*** Block opens ***

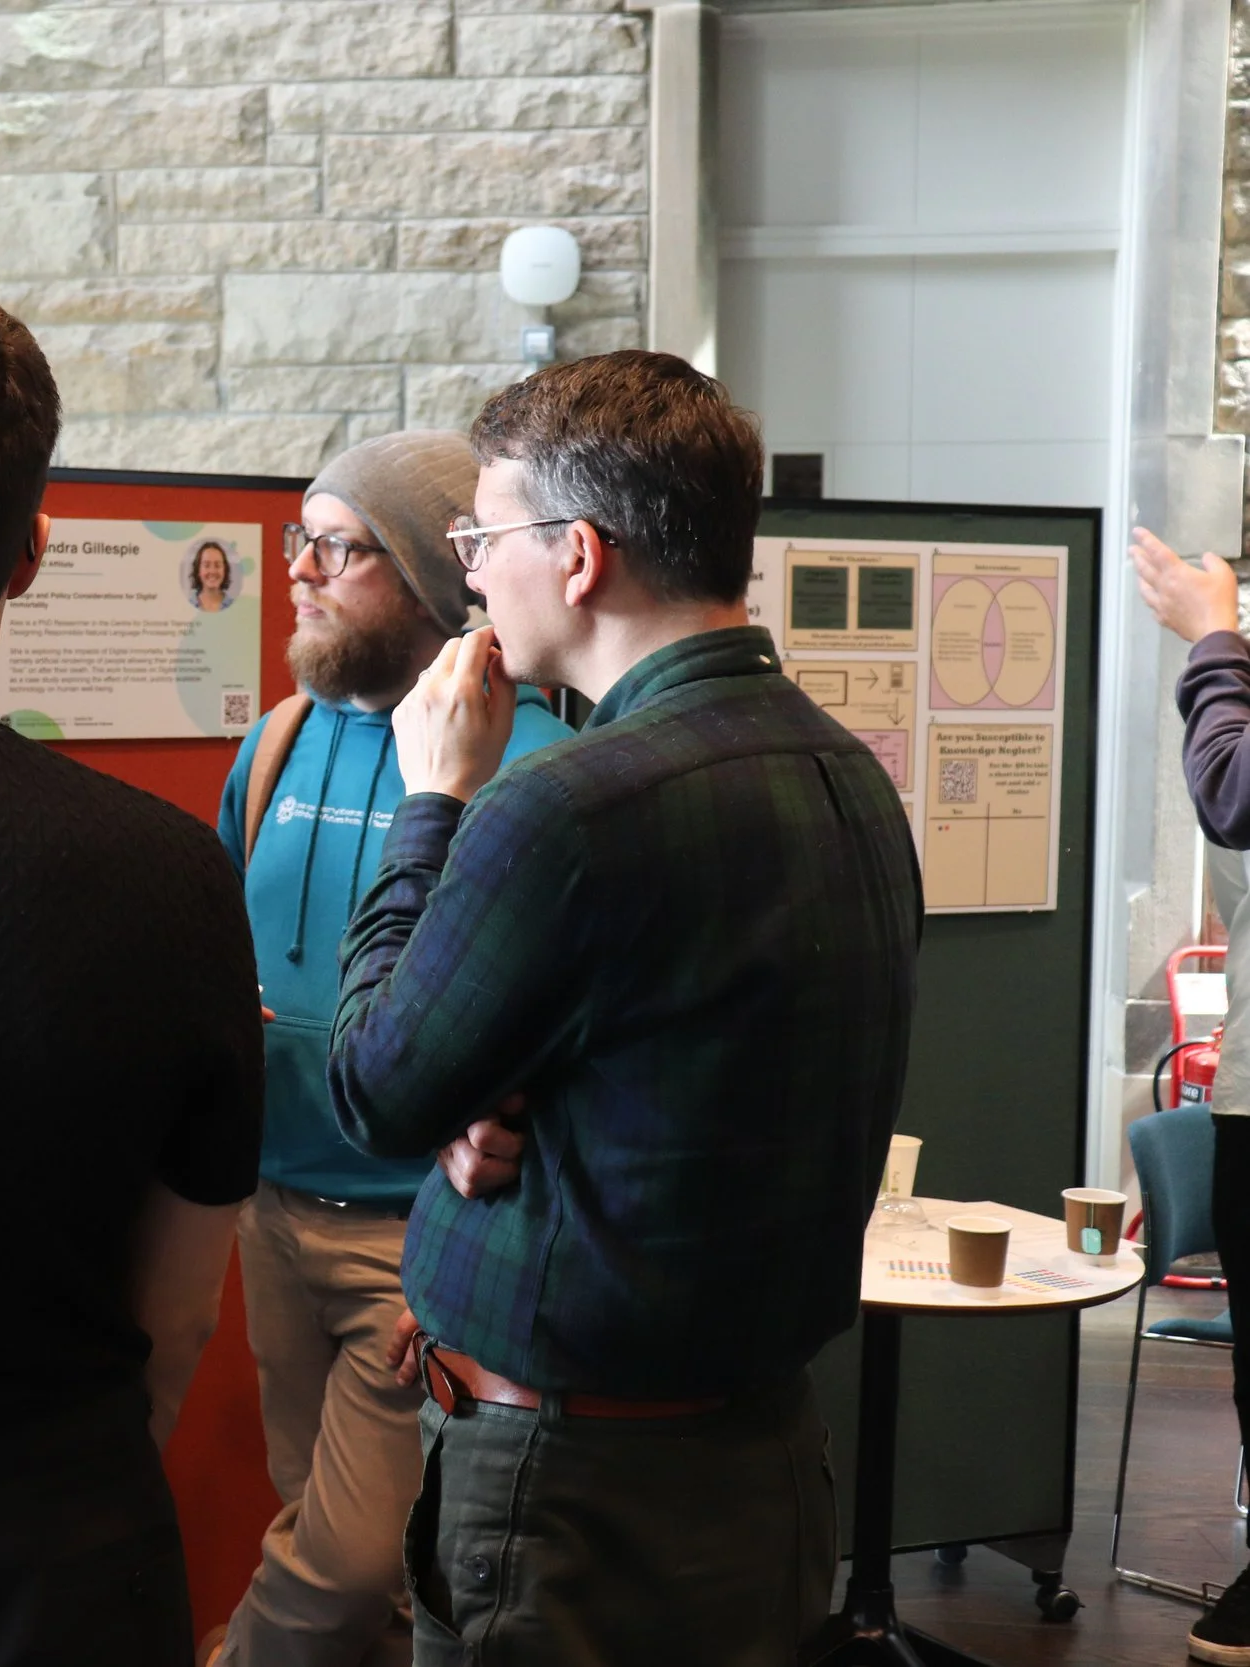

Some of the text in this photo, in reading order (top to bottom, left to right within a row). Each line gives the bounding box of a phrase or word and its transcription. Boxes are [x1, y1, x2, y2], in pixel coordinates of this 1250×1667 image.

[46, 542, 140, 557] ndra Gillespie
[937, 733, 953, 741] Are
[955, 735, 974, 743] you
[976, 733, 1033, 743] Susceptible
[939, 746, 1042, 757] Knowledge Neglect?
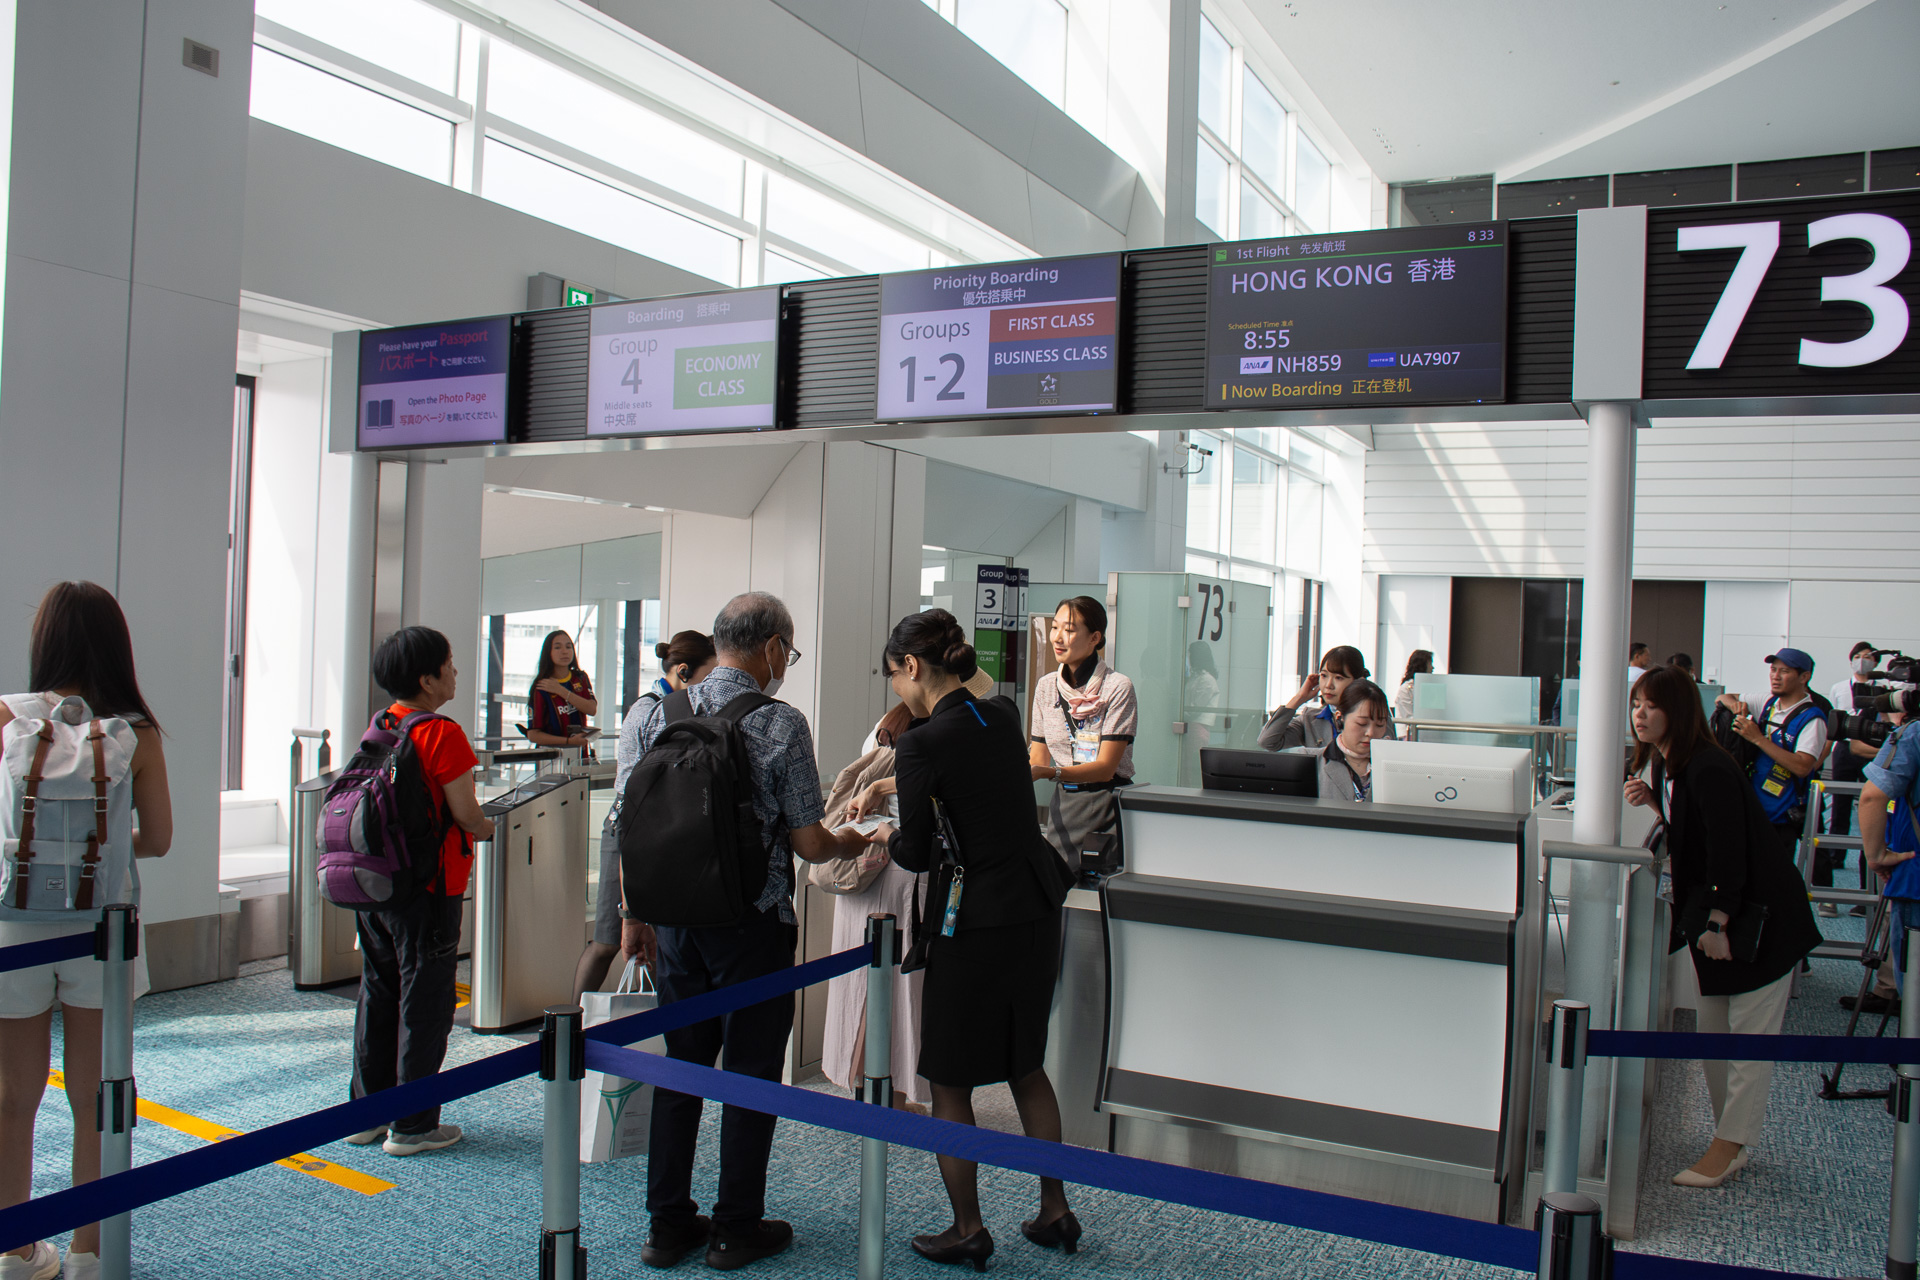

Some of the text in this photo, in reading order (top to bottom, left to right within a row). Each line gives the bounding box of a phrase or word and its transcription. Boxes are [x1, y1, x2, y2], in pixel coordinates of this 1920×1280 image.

*** Block closes ***

### [WHAT THIS TASK INVOLVES]
Although the records contain pictures, the output must hold only their exact wording.

### [FINAL ANSWER]
Some of the text in this photo, in reading order (top to bottom, left to right within a row). Each line gives the bounding box of a phrase or word and its transcription. Boxes are [x1, y1, x2, y2], in pixel coordinates of this 1250×1667 image.

[46, 542, 140, 557] ndra Gillespie
[937, 733, 953, 741] Are
[955, 735, 974, 743] you
[976, 733, 1033, 743] Susceptible
[939, 746, 1042, 757] Knowledge Neglect?

Some of the text in this photo, in reading order (top to bottom, left to right within a row). Each line gives the bounding box of a phrase or word and its transcription. Boxes are [x1, y1, x2, y2], in pixel coordinates of this 1920×1280 image.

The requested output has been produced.